When you can’t apologise, when you can’t ‘say sorry’—as we taught our boys when they were little—what a mess things become!
Were you the one in the wrong? You don’t think so. You think it was ‘the other guy’? And he’s not willing to apologise, and so you shouldn’t have to? He’s weird anyway, as he usually is. Not quite right in the head. That’s why it doesn’t bother you to talk about him behind his back. After all, who is he to you, really? Just a nobody and a nothing. You were just putting up with him, helping him out in bad times. Now it’s all over. Goodbye and good riddance!
I wonder how much of this kind of thing goes on inside us ‘behind our backs.’ I know that’s a funny way to put it, but I wonder just how much we let ourselves ‘off the hook’ when it comes to personal relationships. Perhaps this is where ‘the rubber meets the road’ in the life of a Christian. We think it's better to ‘just say nothing’ and maybe the problem—or the person—will just go away. Of all that can go wrong in our lives, this is about the worst.
When we know we're right, all that matters to us is who is wrong. We hold ourselves aloof from our neighbor as though from filth. And why? Because he deserves it! This happens between friends and neighbors, but worse yet, it happens between members of the same family. My only brother, for example, has cut off all contact with me for over thirty years, and without even letting me ask him why. This is not a complaint, but a lament. Yet, life goes on.
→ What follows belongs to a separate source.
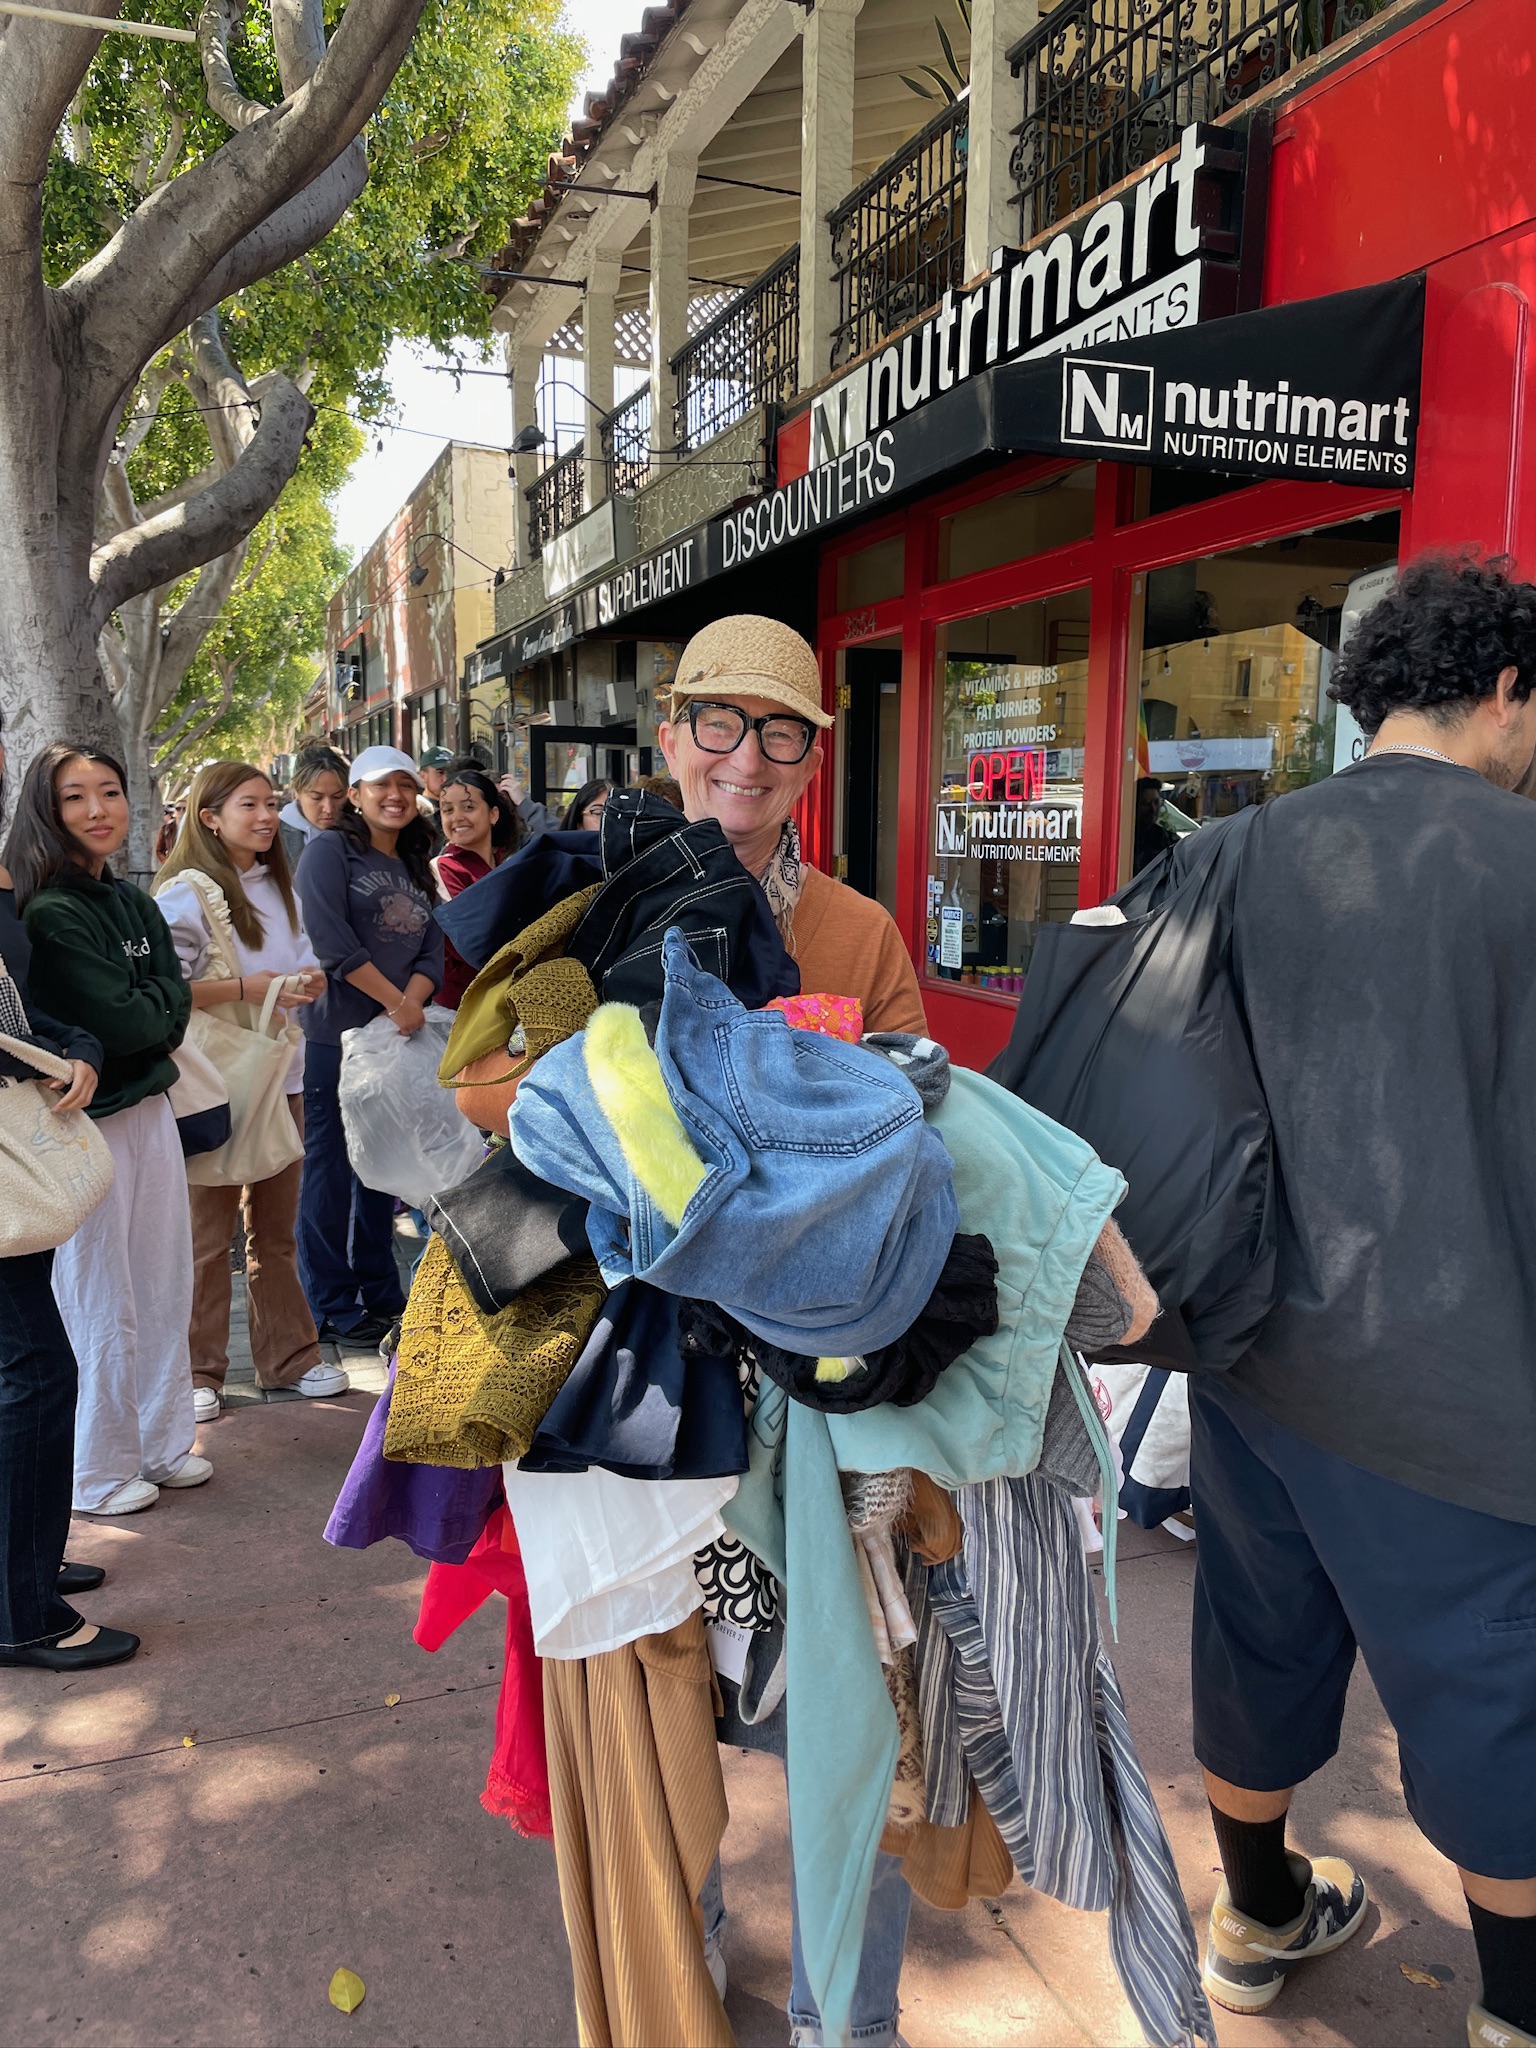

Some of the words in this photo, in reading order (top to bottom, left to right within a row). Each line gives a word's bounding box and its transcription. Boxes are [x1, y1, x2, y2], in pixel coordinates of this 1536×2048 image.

The way I was brought up, one didn't worry so much as to who was right or wrong in a situation. We were taught to apologise quickly, to restore peace between ourselves and another. We were expected to put the relationship above the reputation. But teaching and even personal example can't be passed on, despite all our best efforts. People seem to almost want to be offended so they can justify themselves in pursuing revenge, even if it is only to ostracise.
Lord, I do not understand it. I do not understand. How can anyone have such hatred for their neighbor? their brother? their parent? Who is the enemy here? Who has offended? Who has done harm? We say we walk in the footsteps of Jesus, but in truth we don His robe and want to snatch up the crown He did not want but traded for thorns, so that we can sit not at His right and left—no, it gets worse even than that!—so we can sit in the judgment seat.
We want what we want, and if we cannot have it, someone must be to blame, anyone, just as long as it is not ourselves. We put ourselves first at all costs, banishing fear of God and replacing it with our righteous rags, little realising that salvation or damnation lies with our fellow man. As the bible and the fathers teach, he who loves his fellow man, truly loves him, will be saved, but he who hates his neighbor has never seen life, and never will. He has killed himself.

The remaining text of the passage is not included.